This allows users to leverage information they know to connect with
the information they seek.
[0032] Continuing in block 230, the system identifies properties
and property values associated with the specified entity. For
example, the system may access a data source associated with the
specified entity and enumerate property information stored within
the data source. The system includes a data source that may include
one or more files, file systems, hard drives, databases,
cloud-based storage services, or other facilities for storing data.
The data source includes multiple entities and multiple properties
for each entity. The system accesses this information to produce a
ranking of properties with which to response to the received
request.
[0033] Continuing in block 240, the system determines a diversity
of each identified property and property value. The diversity
includes one or more distance measurements that indicate how
relevant each property is to the received request. The diversity
contributes to a ranking score produced by the system for ranking
the entity properties.
[0034] Continuing in block 250, the system determines a ranking
score for each property. The ranking score may be determined from a
variety of weighted signals that each provide some information
related to relevance of a particular property to the current
received request. The process of determining a ranking score is
described further with references to FIG. 3.
[0035] Continuing in block 260, the system provides a response to
the received request that includes ranked properties based on the
determined ranking score. The ranked properties provide information
from the data source to the requesting application that informs the
requesting application how to display the entity and which
properties may be most relevant to the application. By providing
information about the information's purpose to the data source, the
application receives information from the data source that the
application can use to display relevant entity information, even
for entities whose type is not specifically anticipated or
programmed for by the application. After block 260, these steps
conclude.
[0036] FIG. 3 is a flow diagram that illustrates processing of the
entity ranking system to determine a ranking score for properties
of a given entity, in one embodiment. Beginning in block 310, the
system selects a first property of an entity for which to determine
a ranking score that indicates the relevance of the property
relative to other properties of the entity. The relevance for any
particular request may vary and depend on context information
specific to the particular request as described herein.
[0037] Continuing in block 320, the system determines a request
type to determine one or more signal weights for weighting the
relevance of various signal types. The type and context of the
request affect how different signals are weighted. For example, a
request from a portal application to display general information
about a type of entity may suggest different signal weights than a
query request to retrieve a specific class of information related
to an entity.
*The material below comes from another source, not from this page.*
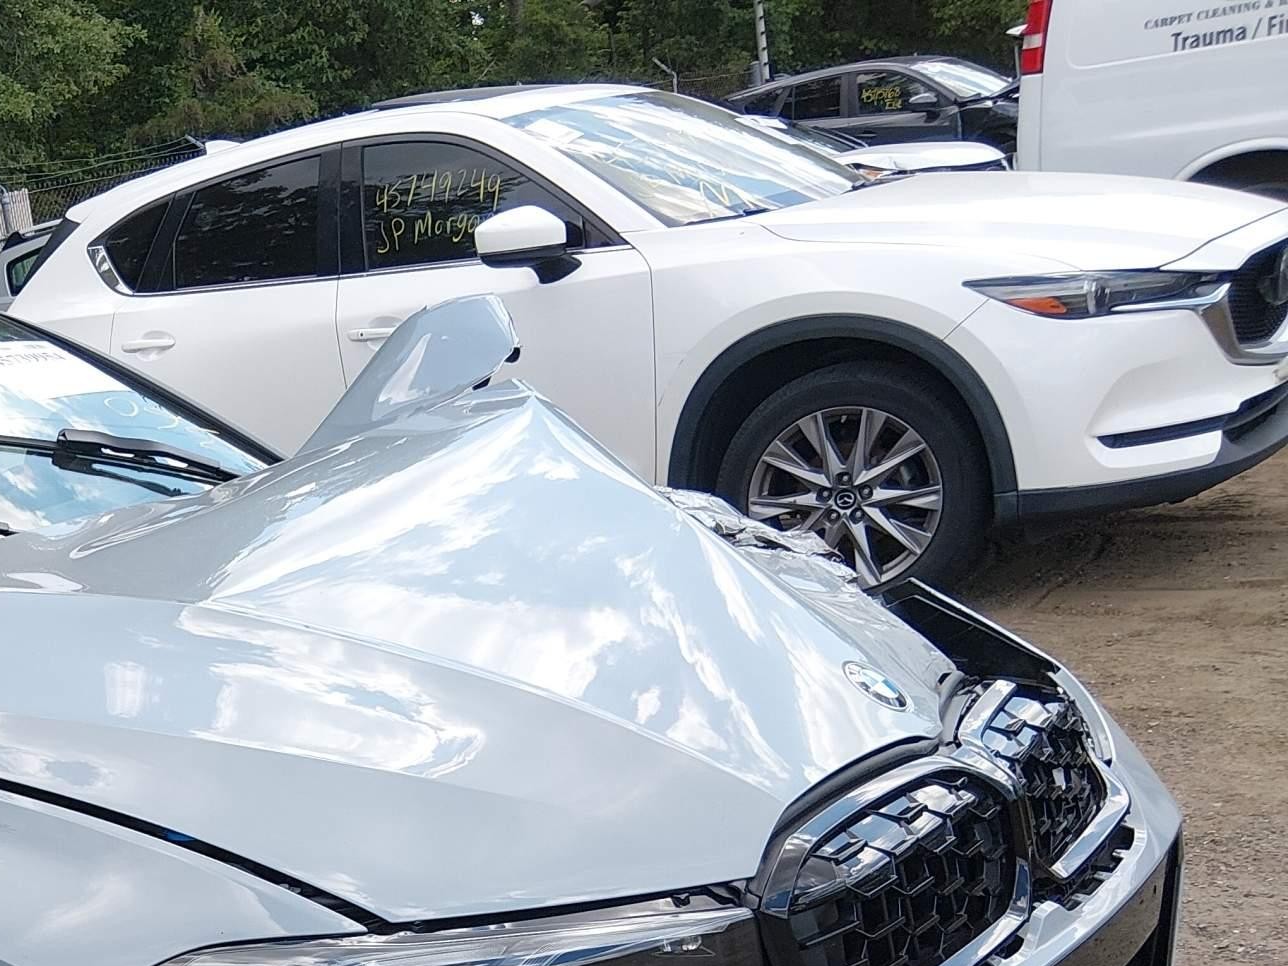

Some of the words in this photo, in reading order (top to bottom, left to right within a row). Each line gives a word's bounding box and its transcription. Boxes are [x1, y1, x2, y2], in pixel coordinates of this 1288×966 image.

As an example, a request to display a list of movies
released in 2010 may suggest the display of different properties
(e.g., title, rating, reviews) than a request to display movie
statistics (e.g., budget, gross receipts, screens shown).
[0038] Continuing in block 330, the system determines multiple
available signals that provide ranking information related to
properties of the selected entity. Signals may include a variety of
types of information, such as taxonomy information, query log
information, dynamic information, entity-specific information,
information related to the context of the ranking request, and so
forth. Different signals may be available for some entities than
are available for others. The system determines the signals
available for the entity being ranked. For example, experts may
have provided a taxonomy that classifies information for one type
of entity, but other types of entities may have no available
taxonomy.
[0039] Continuing in block 340, the system sets signal weights
appropriate to a current ranking request, wherein the weights
affect the relative impact of each signal on a resulting ranking
score. The system may set weights received from a request
application, based on preconfigured weights specific to the
request's purpose, based on administrator configuration data, or on
any other basis. In some cases, an operator of a particular data
source may provide and tune weights based on experience of settings
that produce a good result. In other cases, the requesting
application may rely more heavily on certain signal types and may
specify a higher weight for such signals.
[0040] Continuing in block 350, the system normalizes signal
information for one or more properties to avoid overemphasis of a
popular property. Normalization avoids anomalies where a particular
signal, such as web query logs, unduly skews the ranking for a
particular property of an entity. Normalization accounts for other
reasons for popularity of particular properties that do not
necessarily pertain to ranking of the properties.
[0041] Continuing in block 360, the system aggregates the weighted
signals to produce a ranking score. The ranking score combines
information from multiple signals to produce a score that indicates
how relevant the currently selected property is to other properties
of the identified entity. The system may sort properties according
to the score to provide a ranked list of properties the requesting
application. In some cases, the system caches ranking information
to more efficiently handle subsequent requests.
[0042] Continuing in decision block 370, if the system determines
that more entity properties are available for ranking, then the
system loops to block 310 to select the next property of the
entity, else the system completes. Although shown occurring
serially for ease of illustration, those of ordinary skill in the
art will recognize that scores for entity properties may be
determined in parallel for more efficient operation of the system
or to address other goals of specific implementations of the
system. After block 370, these steps conclude.
[0043] From the foregoing, it will be appreciated that specific
embodiments of the entity ranking system have been described herein
for purposes of illustration, but that various modifications may be
made without deviating from the spirit and scope of the invention.
Accordingly, the invention is not limited except as by the appended
claims.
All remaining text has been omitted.